Task objective » For any picture in the lines below, please leave it out and copy the rest exactly.

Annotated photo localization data
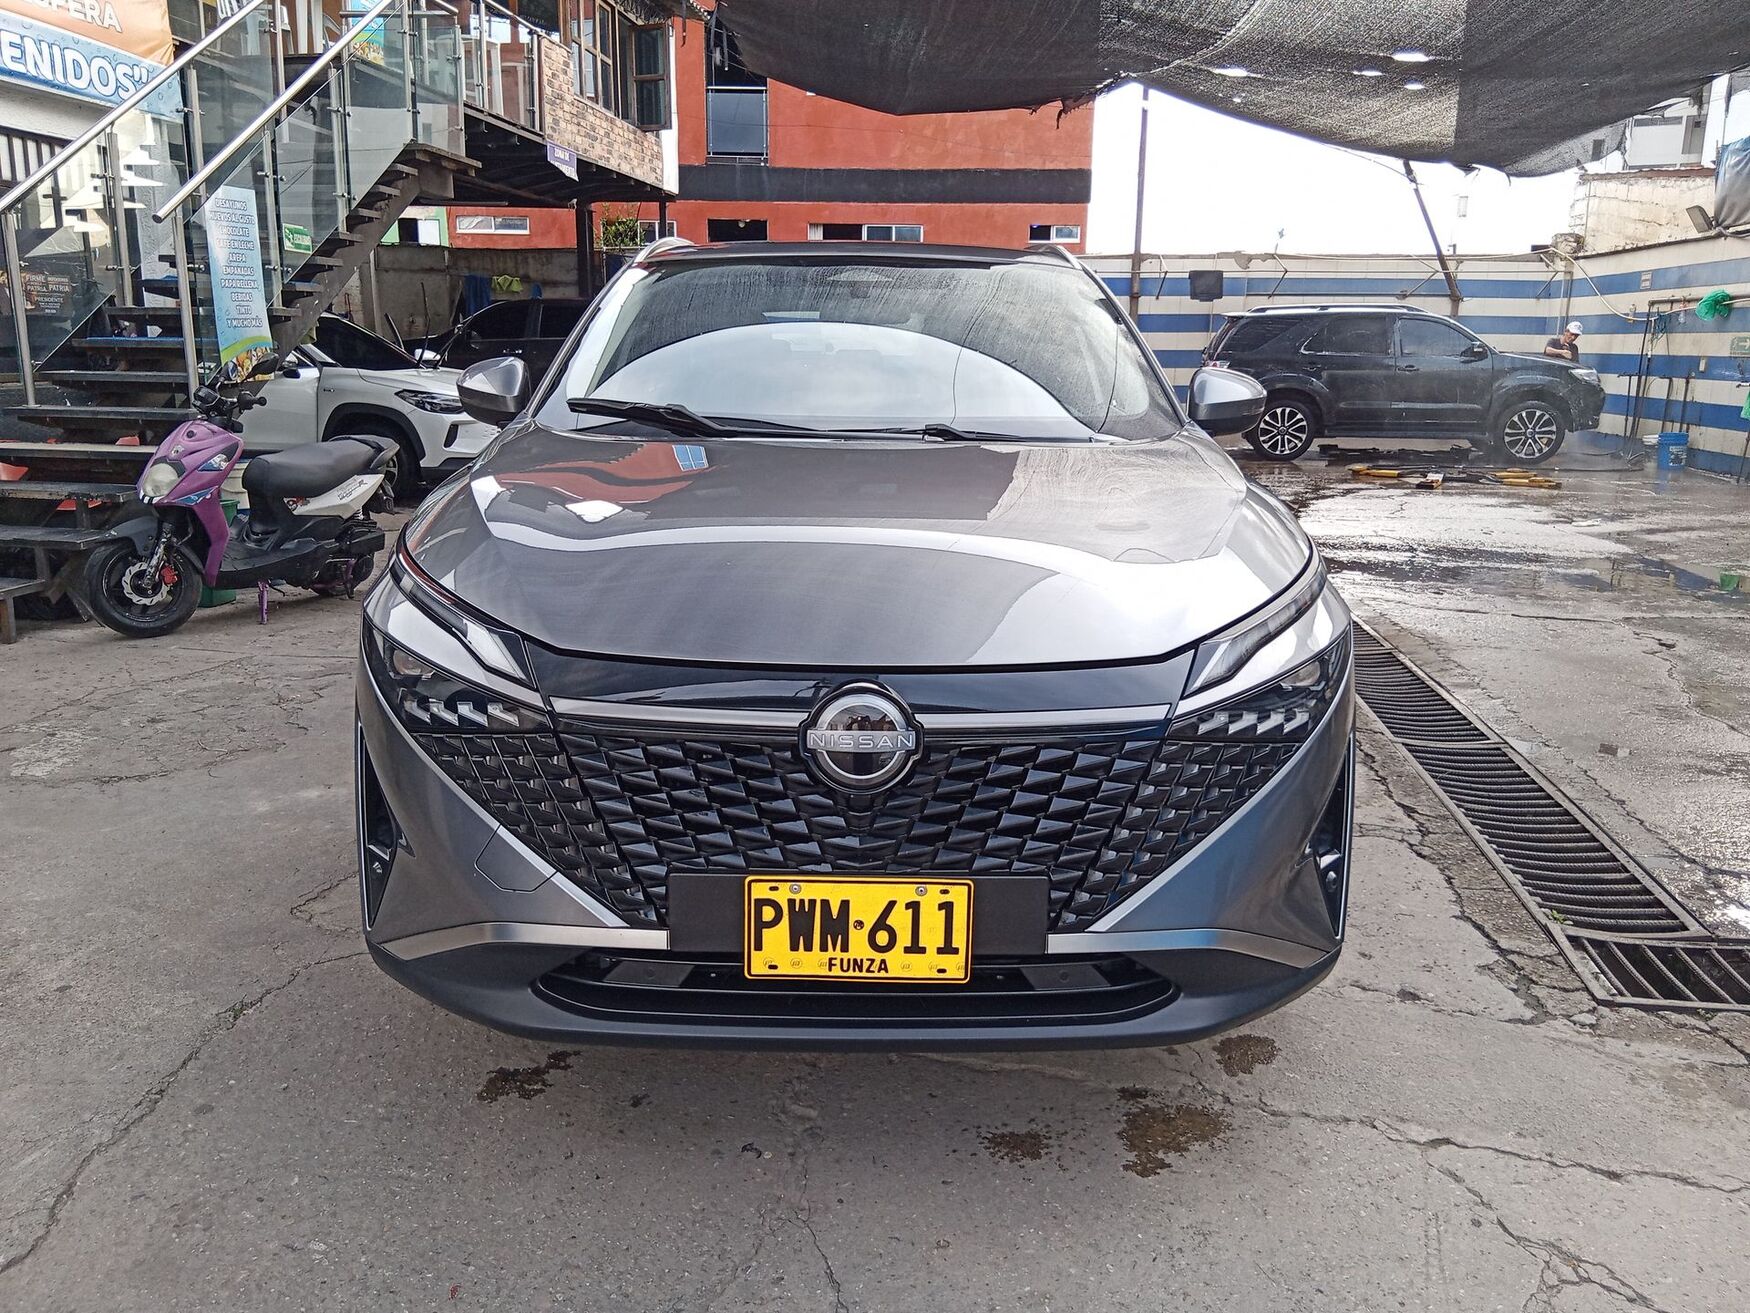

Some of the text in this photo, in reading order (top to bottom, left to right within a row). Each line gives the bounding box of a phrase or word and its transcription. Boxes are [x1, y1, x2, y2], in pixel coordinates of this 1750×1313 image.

[48, 284, 70, 292] PATRIA
[236, 305, 252, 315] TINTO
[809, 732, 914, 748] NISSAN
[827, 957, 889, 974] FUNZA

Response to this task »
Some of the text in this photo, in reading order (top to bottom, left to right within a row). Each line gives the bounding box of a phrase or word and its transcription. Boxes are [x1, y1, x2, y2], in pixel coordinates of this 1750×1313 image.

[48, 284, 70, 292] PATRIA
[236, 305, 252, 315] TINTO
[809, 732, 914, 748] NISSAN
[827, 957, 889, 974] FUNZA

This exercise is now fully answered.